ACTIVITY: Every line of the data below should be repeated exactly, and no picture should be copied.

*** Block opens ***

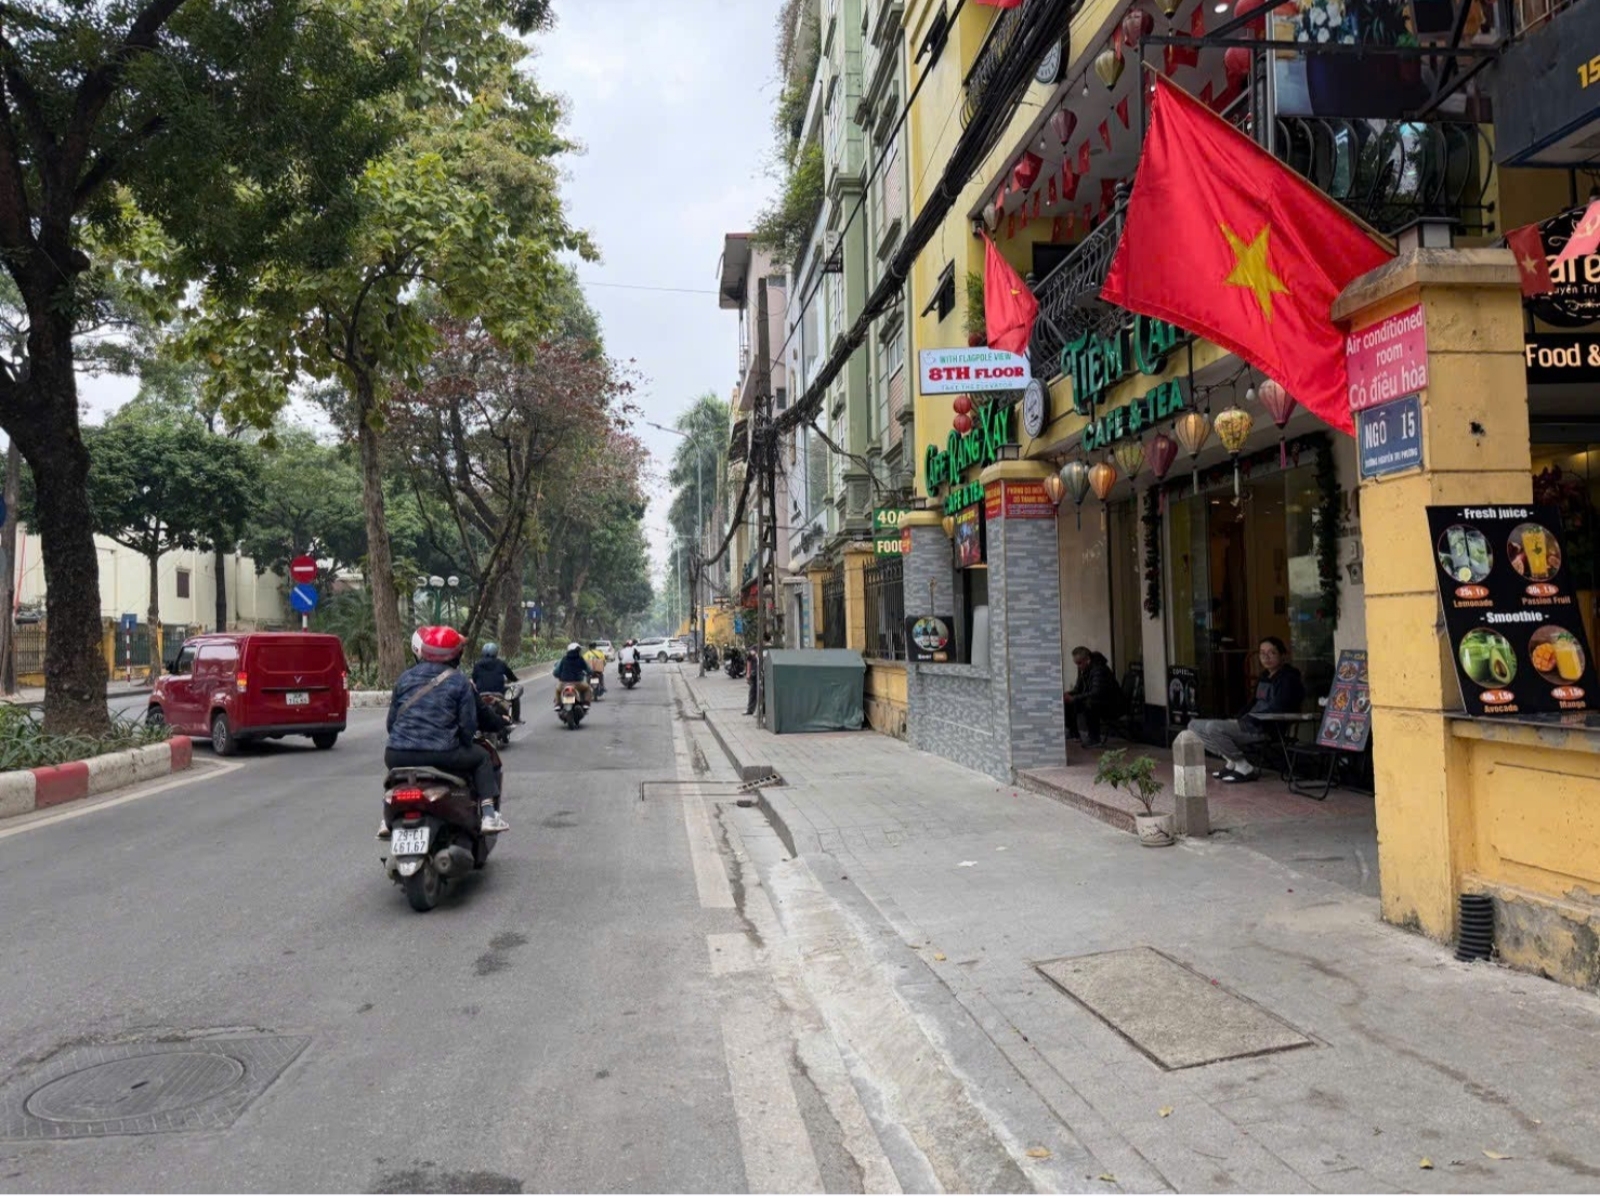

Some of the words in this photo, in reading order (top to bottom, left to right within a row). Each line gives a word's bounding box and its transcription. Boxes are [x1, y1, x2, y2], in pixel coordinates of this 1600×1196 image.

[1346, 334, 1361, 356] Air
[1362, 305, 1423, 349] conditioned
[940, 355, 958, 364] WITH
[959, 353, 992, 363] FLAGPOLE
[993, 352, 1012, 361] VIEW
[1376, 343, 1403, 367] room
[1525, 342, 1581, 367] Food
[1587, 344, 1600, 367] &
[928, 366, 970, 381] 8TH
[974, 366, 1024, 379] FLOOR
[1349, 378, 1366, 409] Có
[1401, 360, 1426, 393] hòa
[1081, 405, 1123, 452] CAFE
[1128, 398, 1142, 432] &
[1146, 376, 1184, 424] TEA
[1365, 411, 1387, 449] NGÕ
[1401, 411, 1416, 440] 15
[946, 428, 980, 487] RANG
[978, 398, 1009, 463] XAY
[944, 488, 961, 515] CAFE
[1464, 507, 1497, 519] Fresh
[877, 540, 904, 553] FOO
[1453, 599, 1494, 608] Lemonade
[1522, 597, 1552, 605] Passion
[1553, 595, 1571, 604] Fruit
[1486, 610, 1543, 624] Smoothie
[1484, 704, 1519, 713] Avocado
[1559, 700, 1586, 710] Mango

*** Block closes ***

REPLY TO THE EXERCISE:
Some of the words in this photo, in reading order (top to bottom, left to right within a row). Each line gives a word's bounding box and its transcription. Boxes are [x1, y1, x2, y2], in pixel coordinates of this 1600×1196 image.

[1346, 334, 1361, 356] Air
[1362, 305, 1423, 349] conditioned
[940, 355, 958, 364] WITH
[959, 353, 992, 363] FLAGPOLE
[993, 352, 1012, 361] VIEW
[1376, 343, 1403, 367] room
[1525, 342, 1581, 367] Food
[1587, 344, 1600, 367] &
[928, 366, 970, 381] 8TH
[974, 366, 1024, 379] FLOOR
[1349, 378, 1366, 409] Có
[1401, 360, 1426, 393] hòa
[1081, 405, 1123, 452] CAFE
[1128, 398, 1142, 432] &
[1146, 376, 1184, 424] TEA
[1365, 411, 1387, 449] NGÕ
[1401, 411, 1416, 440] 15
[946, 428, 980, 487] RANG
[978, 398, 1009, 463] XAY
[944, 488, 961, 515] CAFE
[1464, 507, 1497, 519] Fresh
[877, 540, 904, 553] FOO
[1453, 599, 1494, 608] Lemonade
[1522, 597, 1552, 605] Passion
[1553, 595, 1571, 604] Fruit
[1486, 610, 1543, 624] Smoothie
[1484, 704, 1519, 713] Avocado
[1559, 700, 1586, 710] Mango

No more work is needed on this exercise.